The consortium consists of eight companies –Fox-IT, Group 2000, Crosspring, Global Business Academy, Enterprise Summit, E2-Labs, Newgen Payments and The Hague Centre for Strategic Studies—as well as InnovationQuarter and HSD Foundation. Three education institutions –Delft University of Technology, Leiden University of Applied Sciences and The Hague University of Applied Science—are directly involved as collaboration partners. From the Dutch government, the Dutch Embassy and RvO will be playing an important role in making the consortium a success.

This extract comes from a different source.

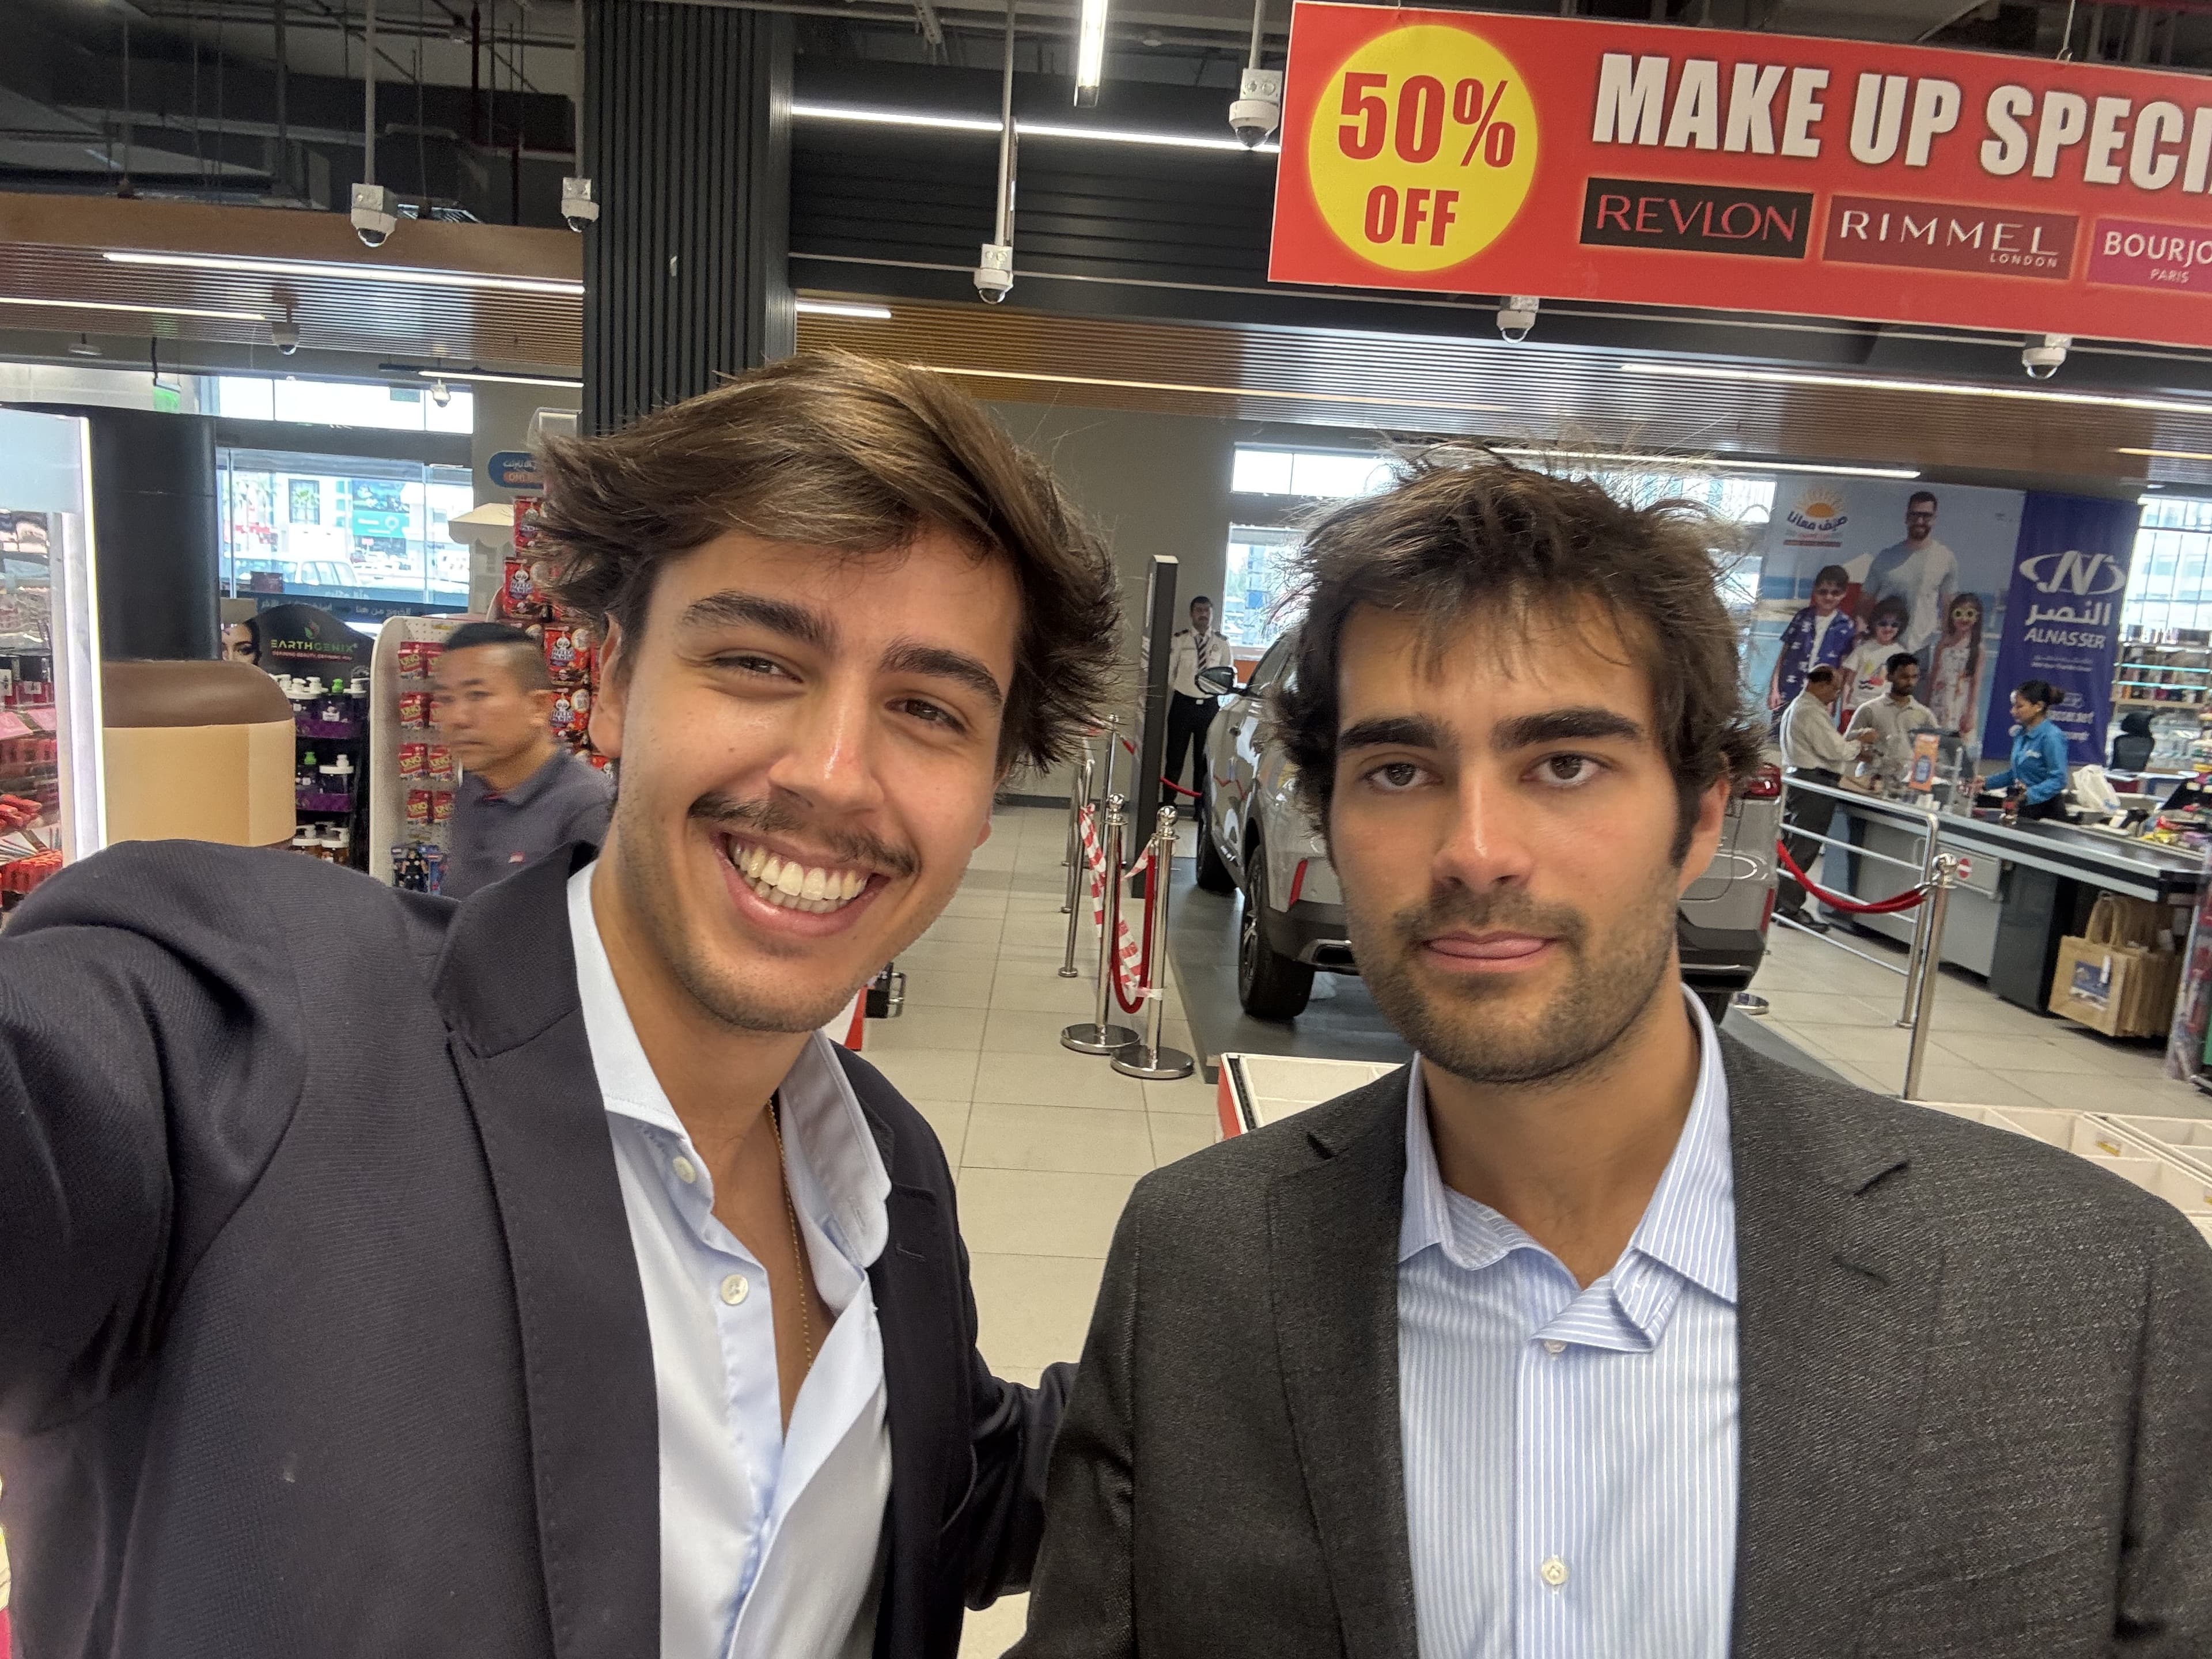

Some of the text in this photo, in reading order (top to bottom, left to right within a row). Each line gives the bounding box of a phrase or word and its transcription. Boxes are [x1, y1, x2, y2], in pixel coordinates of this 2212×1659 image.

This PIB focuses on specific segments within the overall cyber security market in India: Cyber Security, Training and Education as well as Knowledge Exchange for Internet of Things (IoT) and Protection of Critical Infrastructures (CI) both in Government as the private sector. The focus on IoT and (mostly) government-controlled CI like energy, drinking water, telecommunications, as well as financial services (banking) is important because there are significant opportunities for new business deals in these fields. The PIB will focus initially on the states Telangana (Hyderabad) and Karnataka (Bangalore) extending when feasible to the rest of States in India.

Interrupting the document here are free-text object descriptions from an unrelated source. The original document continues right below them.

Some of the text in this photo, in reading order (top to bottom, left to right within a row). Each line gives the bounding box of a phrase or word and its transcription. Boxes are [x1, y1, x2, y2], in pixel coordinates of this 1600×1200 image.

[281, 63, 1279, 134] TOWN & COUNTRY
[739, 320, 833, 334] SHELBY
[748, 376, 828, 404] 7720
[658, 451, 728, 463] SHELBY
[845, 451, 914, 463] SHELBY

The PIB will be guided by a liaison in India, in close collaboration with the Dutch Embassy. The daily coordination of the programme will be in the hands of HSD Office. HSD Office will be the linking pin towards RVO, the Dutch Embassy in India and the participants of the Cyber Security cluster. Together they will arrange that the consortium will be part of trade missions, matchmaking events, knowledge exchange opportunities and collaborative presentations at conferences.

Municipality of The Hague

Since 2015, contacts with India have been developed via the municipality of The Hague and its many partners, amongst others HSD. The objective of this PIB is to further develop and strengthen the business relations that were build earlier and were made official during the Dutch trade mission to Indiaa from 22 -25 May 2018 and which included collaborations with the Hyderabad Security Cluster and the Center of Excellence Karnataka. This PIB is a direct outcome of this.

Partners for International Business (PIB)

Partners for International Business is a programme of the Netherlands Enterprise Agency (RvO) commissioned by The Ministry of Foreign Affairs.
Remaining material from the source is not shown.